124 Kugeln Eis lässt sich ein Deutscher im Jahr schmecken – laut dem Statistischen Bundesamt. Die Lieblingssorte hierzulande ist trotz jährlich neuer Kreationen noch immer die klassische Schokolade. Ein gutes Dutzend Eisdielen, die ihre Ware selbst herstellen, gibt es im Landkreis Main-Spessart.
Bereits im vergangenen Jahr habe sich nach Aussage der Eismacher eine Preiserhöhung der Rohstoffe angekündigt. Der Krieg in der Ukraine führt seit dem Frühjahr, dem Beginn der Eissaison, zu weiteren Preisexplosionen bei den Zutaten.

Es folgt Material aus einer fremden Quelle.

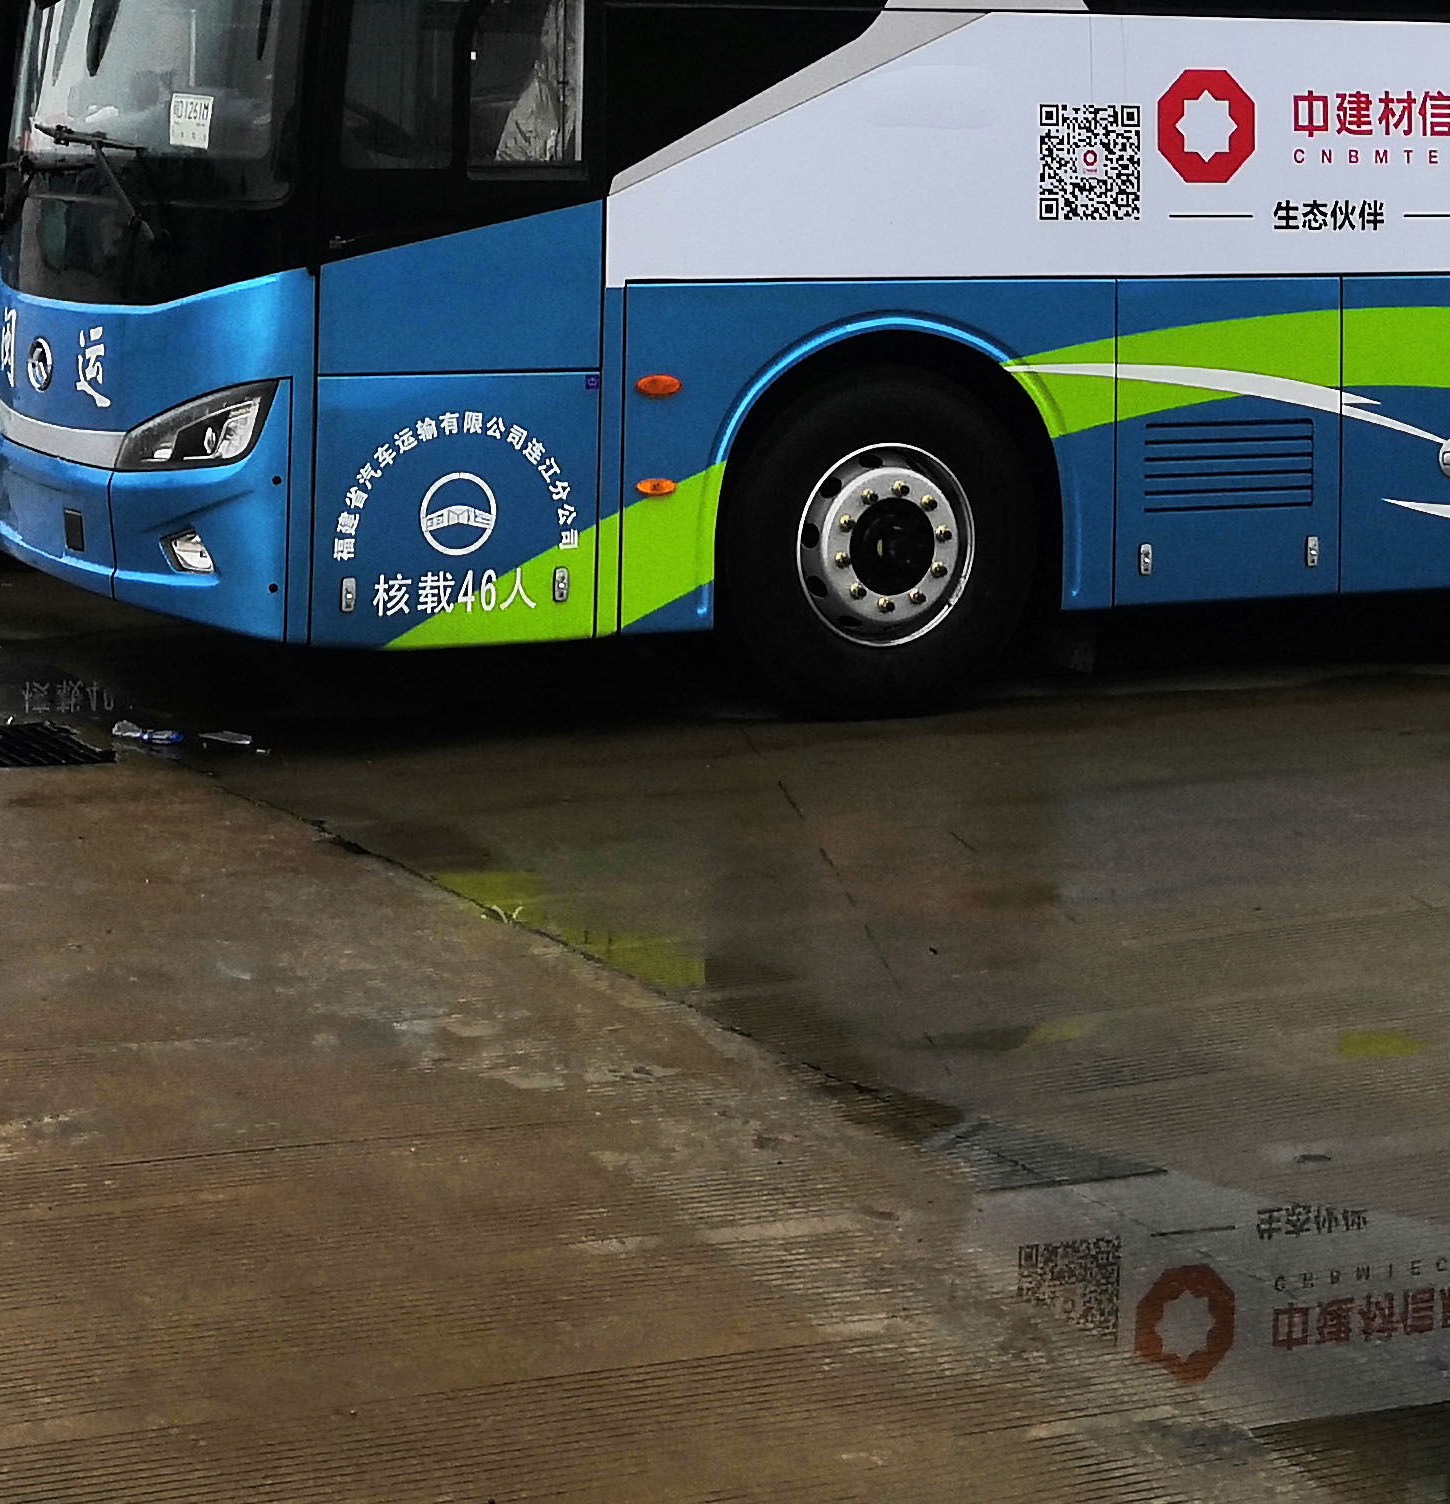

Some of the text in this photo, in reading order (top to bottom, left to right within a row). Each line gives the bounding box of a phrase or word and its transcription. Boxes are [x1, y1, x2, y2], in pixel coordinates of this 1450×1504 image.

[1273, 199, 1386, 232] 生态伙伴
[75, 325, 112, 408] 运
[332, 410, 579, 562] 福建省汽车运输有限公司连江分公司
[372, 566, 537, 617] 核载46人

Diese führten zu einer generellen Verteuerung der leckeren Kühlspeise. Die Preise für spezielle Zuckersorten, beispielsweise Dextrose, hätten sich mehr als verdoppelt, erklären Inhaber von Eisdielen bei unserer Umfrage.

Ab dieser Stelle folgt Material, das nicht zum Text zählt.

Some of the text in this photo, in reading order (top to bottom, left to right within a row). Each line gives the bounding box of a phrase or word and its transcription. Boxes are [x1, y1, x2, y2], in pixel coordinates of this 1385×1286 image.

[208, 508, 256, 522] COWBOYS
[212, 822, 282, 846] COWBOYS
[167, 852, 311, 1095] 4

Ab drei Kugeln gilt ein Sonderpreis
Als die "vermutlich günstigste Eisdiele in Main-Spessart" bezeichnet Fethi Moujahed sein nach ihm benanntes Eiscafé in Karlstadt. "Durch die extreme Preissteigerung mussten auch wir um 20 Cent erhöhen", so der Eismacher, der bereits seit 1996 im Geschäft ist. "Eine solche Erhöhung der Rohstoffe, teilweise dreimal so viel wie die Jahre zuvor, hatten wir noch nie", sagt er. Auch wenn seine Kunden die Preissteigerung bisher nicht moniert hätten, habe Moujahed die Preise im Café nicht erhöht; beim Erwerb von drei Kugeln gelte noch immer mit 1 Euro und 10 Cent pro Kugel der Preis aus dem vergangenen Jahr.
Ähnliches über die Preiserhöhung berichtet Catia Abreu von der benachbarten Eisdiele Venezia. 1 Euro und 40 Cent kostet die Kugel mittlerweile – auch dort wurde um 20 Cent erhöht. Die Kunden hätten die Erhöhung akzeptiert, so die Inhaberin.

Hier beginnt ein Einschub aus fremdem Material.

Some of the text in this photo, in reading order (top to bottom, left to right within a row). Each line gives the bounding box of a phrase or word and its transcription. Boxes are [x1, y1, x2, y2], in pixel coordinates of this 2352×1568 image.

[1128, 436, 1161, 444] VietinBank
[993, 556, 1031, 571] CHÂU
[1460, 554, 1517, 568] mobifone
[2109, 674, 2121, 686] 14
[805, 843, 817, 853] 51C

Thomas Müller von Toms Eismanufaktur, der Dritte im Bunde der Karlstadter Eismacher, erhöhte um den gleichen Betrag und führt ähnliche Gründe an. "Hochwertige Zuckersorten, wie Inulin, gibt es zur Zeit gar nicht mehr auf dem Markt", sagt Müller. Auch die Wirtschaft habe den Nutzen dieses Zuckers erkannt, so der Eismacher. Zudem führe Personalknappheit, verbunden mit erhöhten Löhnen, ebenfalls zu höheren Kosten.
Preise für Zutaten fluktuieren erheblich
"Wir können überhaupt nicht mehr kalkulieren, die Preise ändern sich ständig", berichtet Arno Zambon von Zambon Gelato aus Lohr. "Nicht nur die Milchprodukte sind teurer, auch Früchte und Verpackungsmaterialien sind gestiegen." Nach der Preiserhöhung der Rohstoffe im vergangenen Jahr "haben wir die Preise leicht erhöht, die Speisekarte angepasst", so Zambon. Der Krieg habe zu einer zusätzlichen Verteuerung geführt. Seine Kunden würden ihm ausschließlich positive Rückmeldungen geben: "Wir versuchen bei unseren Eiskosten immer zu vermitteln, dass neben den Kosten auch viel Handwerk dahinter steckt."
Für das Eiscafé Corvara mit Filialen in Frammersbach und Lohr schildert Rafaele Barotto das Problem: "Wir sind bei der Erhöhung der Rohstoffe regelrecht überrannt worden. Unsere Preise halten wir dennoch moderat."
Und was sagen die Kunden, die gegenwärtig an außergewöhnlich warmen Frühjahrstagen trotz erhöhter Preise vor den Eisdielen Schlange stehen? Der elfjährige Till Kramer aus Lohr würde sich über einen Preis von einem Euro pro Kugel freuen. Zwar bekomme er das Geld für ein Eis von seinen Eltern. Doch auf dem Weg von der Schule nach Hause verzichte er jetzt hin und wieder auf ein Eis. "Zum Glück schmeckt das Eis noch genauso lecker wie letztes Jahr", freut er sich.
Sabine Bübl, die am Sonntag mit ihrer Mutter Angelika Remelka in einer Lohrer Eisdiele sitzt, sieht für sich eine innere Grenze bei den Eispreisen. "Mehr als zehn Euro würde ich für einen Eisbecher nicht ausgeben", sagt sie. Ihre Mutter ergänzt: "Dafür bekomme ich ein vollwertiges Mittagessen." Da sich die Lohrerinnen normalerweise mit einer Kugel begnügen, sei die Erhöhung der Eispreise noch zu kompensieren.